## [YOUR INSTRUCTIONS]
Retype all entries exactly, skipping pictures.

**********

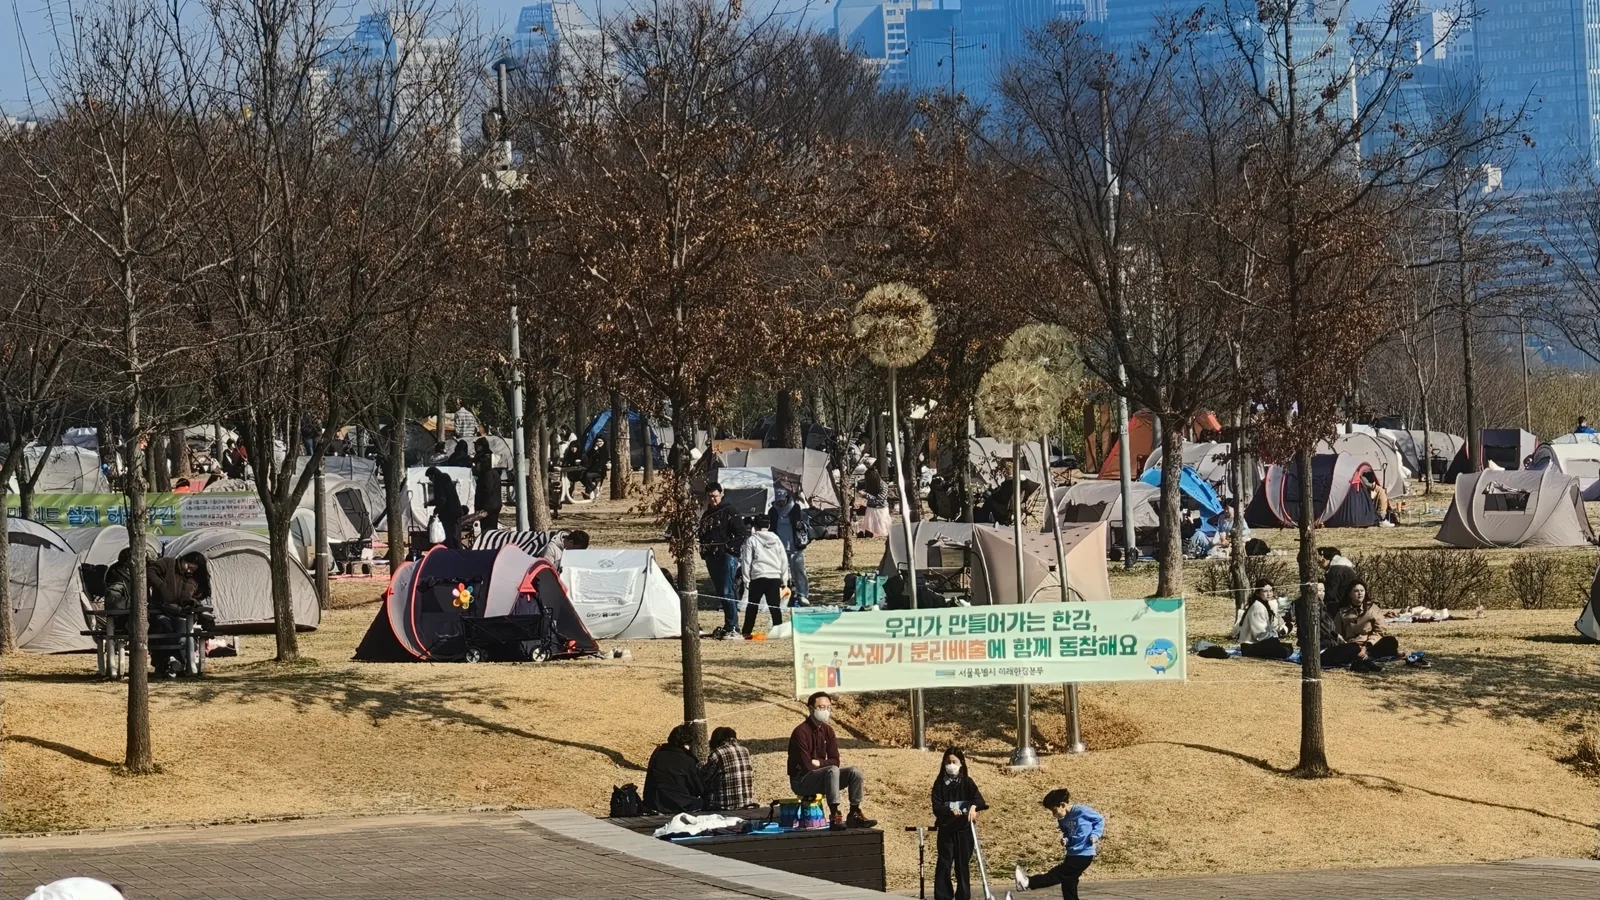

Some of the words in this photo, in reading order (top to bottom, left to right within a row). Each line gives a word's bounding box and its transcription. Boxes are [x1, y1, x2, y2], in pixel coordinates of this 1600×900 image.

[67, 505, 100, 526] 설치
[886, 615, 942, 638] 우리가
[949, 611, 1045, 635] 만들어가는
[1053, 609, 1097, 633] 한강,
[847, 643, 903, 666] 쓰레기
[910, 638, 1006, 663] 분리배출에
[1013, 637, 1052, 659] 함께
[1059, 634, 1138, 657] 동참해요
[958, 667, 996, 678] 서울특별시

**********

## [WRITTEN RESPONSE]
Some of the words in this photo, in reading order (top to bottom, left to right within a row). Each line gives a word's bounding box and its transcription. Boxes are [x1, y1, x2, y2], in pixel coordinates of this 1600×900 image.

[67, 505, 100, 526] 설치
[886, 615, 942, 638] 우리가
[949, 611, 1045, 635] 만들어가는
[1053, 609, 1097, 633] 한강,
[847, 643, 903, 666] 쓰레기
[910, 638, 1006, 663] 분리배출에
[1013, 637, 1052, 659] 함께
[1059, 634, 1138, 657] 동참해요
[958, 667, 996, 678] 서울특별시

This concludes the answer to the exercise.